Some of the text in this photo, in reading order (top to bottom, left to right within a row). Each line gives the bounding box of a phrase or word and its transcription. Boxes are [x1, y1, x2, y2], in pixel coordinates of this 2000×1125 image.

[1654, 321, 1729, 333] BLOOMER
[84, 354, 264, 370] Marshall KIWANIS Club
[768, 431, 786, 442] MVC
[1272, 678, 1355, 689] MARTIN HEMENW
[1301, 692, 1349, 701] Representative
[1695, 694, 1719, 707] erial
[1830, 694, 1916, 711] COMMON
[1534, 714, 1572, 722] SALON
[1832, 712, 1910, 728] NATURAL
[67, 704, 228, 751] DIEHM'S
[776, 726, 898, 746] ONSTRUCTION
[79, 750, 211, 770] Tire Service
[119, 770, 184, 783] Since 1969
* * *
[Exercise prompt]: Every record above should be copied exactly.

[Reply]:
Some of the text in this photo, in reading order (top to bottom, left to right within a row). Each line gives the bounding box of a phrase or word and its transcription. Boxes are [x1, y1, x2, y2], in pixel coordinates of this 2000×1125 image.

[1654, 321, 1729, 333] BLOOMER
[84, 354, 264, 370] Marshall KIWANIS Club
[768, 431, 786, 442] MVC
[1272, 678, 1355, 689] MARTIN HEMENW
[1301, 692, 1349, 701] Representative
[1695, 694, 1719, 707] erial
[1830, 694, 1916, 711] COMMON
[1534, 714, 1572, 722] SALON
[1832, 712, 1910, 728] NATURAL
[67, 704, 228, 751] DIEHM'S
[776, 726, 898, 746] ONSTRUCTION
[79, 750, 211, 770] Tire Service
[119, 770, 184, 783] Since 1969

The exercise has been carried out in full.